**WHAT IS REQUIRED**
Would you repeat the entries below exactly and omit the pictures?

**THE DATA**
________

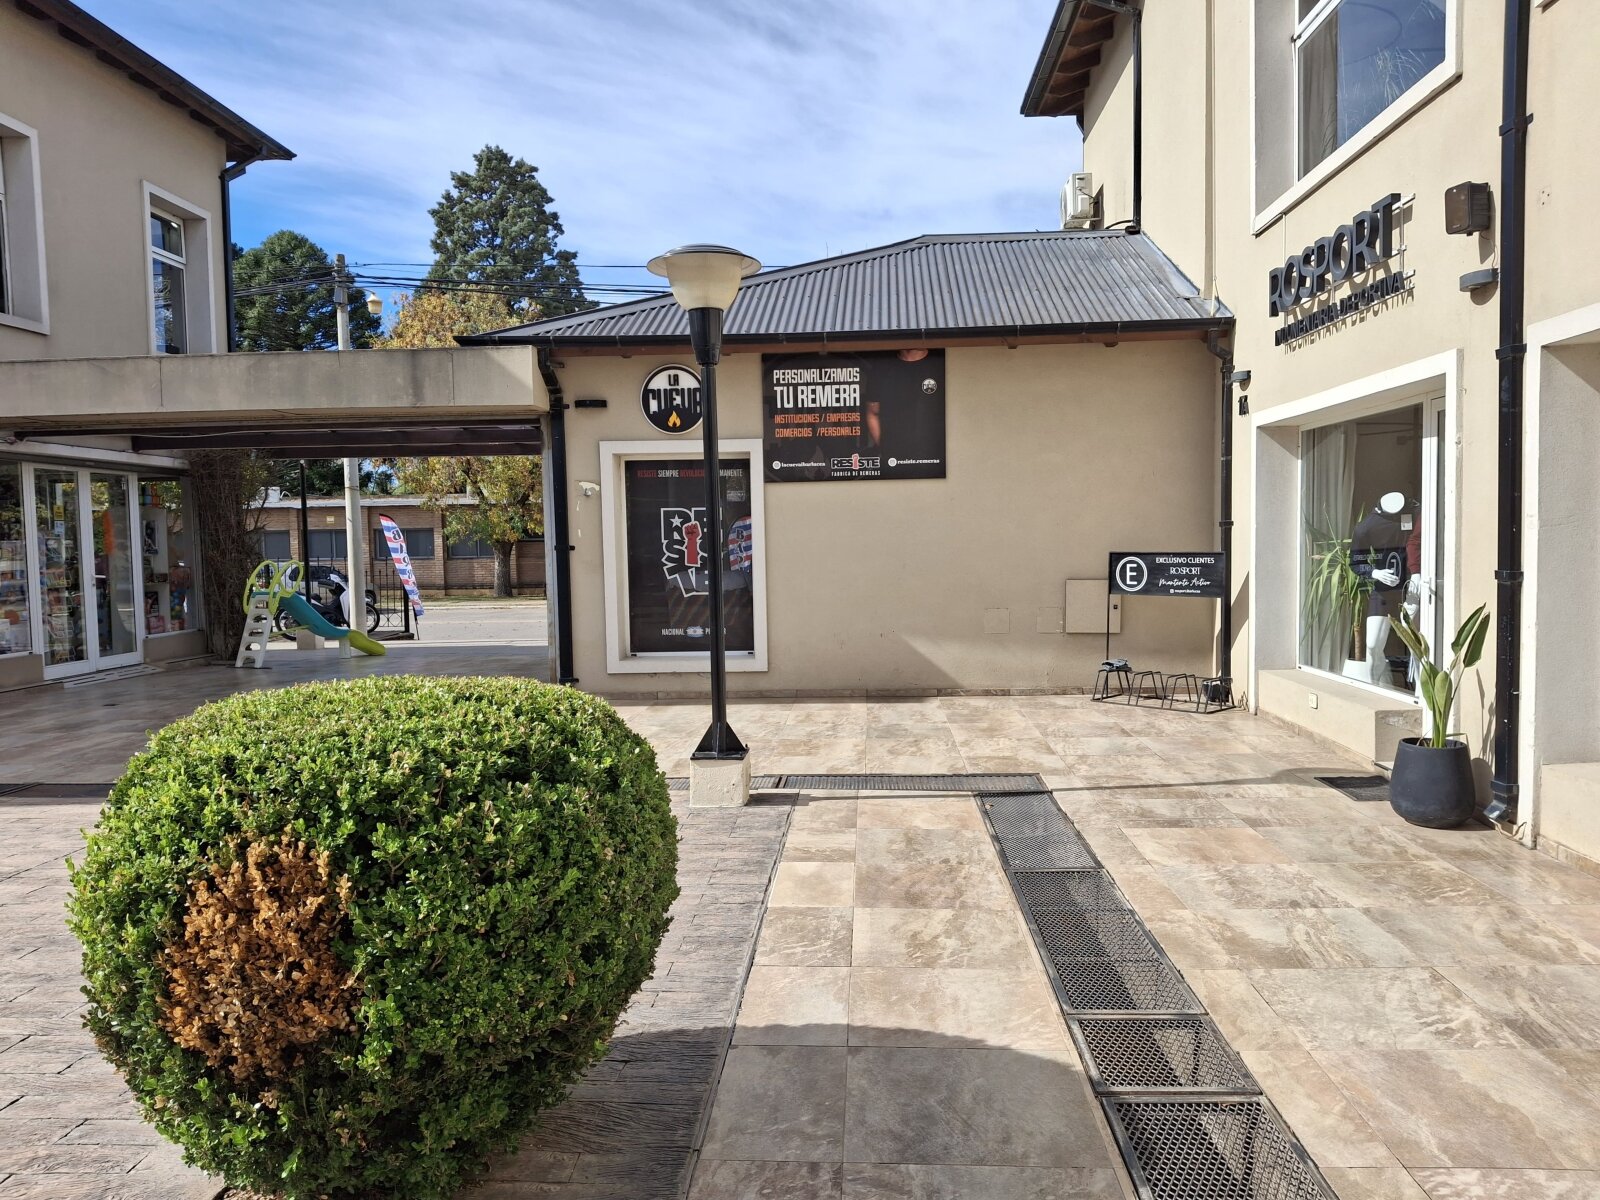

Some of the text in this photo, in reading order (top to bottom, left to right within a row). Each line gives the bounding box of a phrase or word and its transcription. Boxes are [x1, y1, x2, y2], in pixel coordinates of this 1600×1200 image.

[1269, 193, 1401, 317] ROSPORT
[1275, 271, 1406, 346] INDUMENTARIA DEPORTIVA
[668, 373, 680, 387] LA
[773, 367, 860, 384] PERSONALIZAMOS
[646, 387, 702, 415] CUEVA
[773, 384, 860, 408] TU REMERA
[774, 413, 820, 424] INSTITUCIONES
[826, 412, 861, 423] EMPRESAS
[775, 427, 813, 437] COMERCIOS
[830, 454, 880, 469] RESISTE
[657, 469, 679, 478] SIEMPRE
[719, 468, 743, 477] MANENTE
[1126, 563, 1138, 585] E
[1169, 567, 1201, 575] ROSPORT
[661, 628, 685, 636] NACIONAL
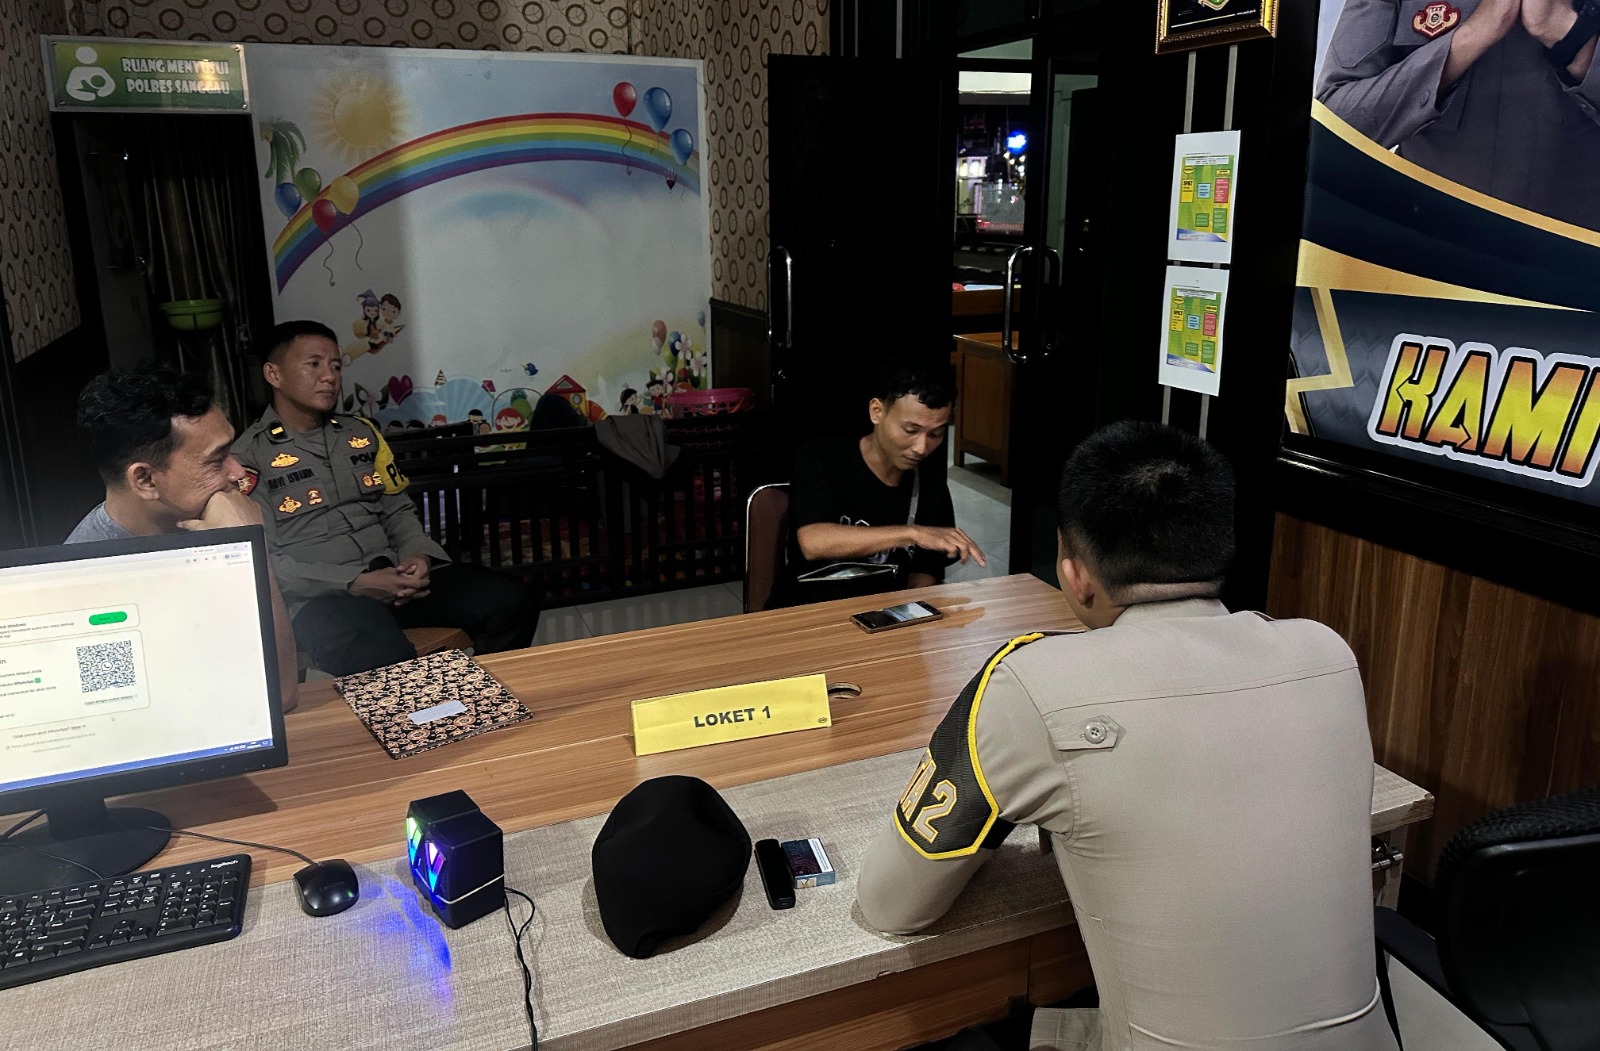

________

**WORKED SOLUTION**
Some of the text in this photo, in reading order (top to bottom, left to right within a row). Each line gives the bounding box of a phrase or word and its transcription. Boxes are [x1, y1, x2, y2], in pixel coordinates of this 1600×1200 image.

[1269, 193, 1401, 317] ROSPORT
[1275, 271, 1406, 346] INDUMENTARIA DEPORTIVA
[668, 373, 680, 387] LA
[773, 367, 860, 384] PERSONALIZAMOS
[646, 387, 702, 415] CUEVA
[773, 384, 860, 408] TU REMERA
[774, 413, 820, 424] INSTITUCIONES
[826, 412, 861, 423] EMPRESAS
[775, 427, 813, 437] COMERCIOS
[830, 454, 880, 469] RESISTE
[657, 469, 679, 478] SIEMPRE
[719, 468, 743, 477] MANENTE
[1126, 563, 1138, 585] E
[1169, 567, 1201, 575] ROSPORT
[661, 628, 685, 636] NACIONAL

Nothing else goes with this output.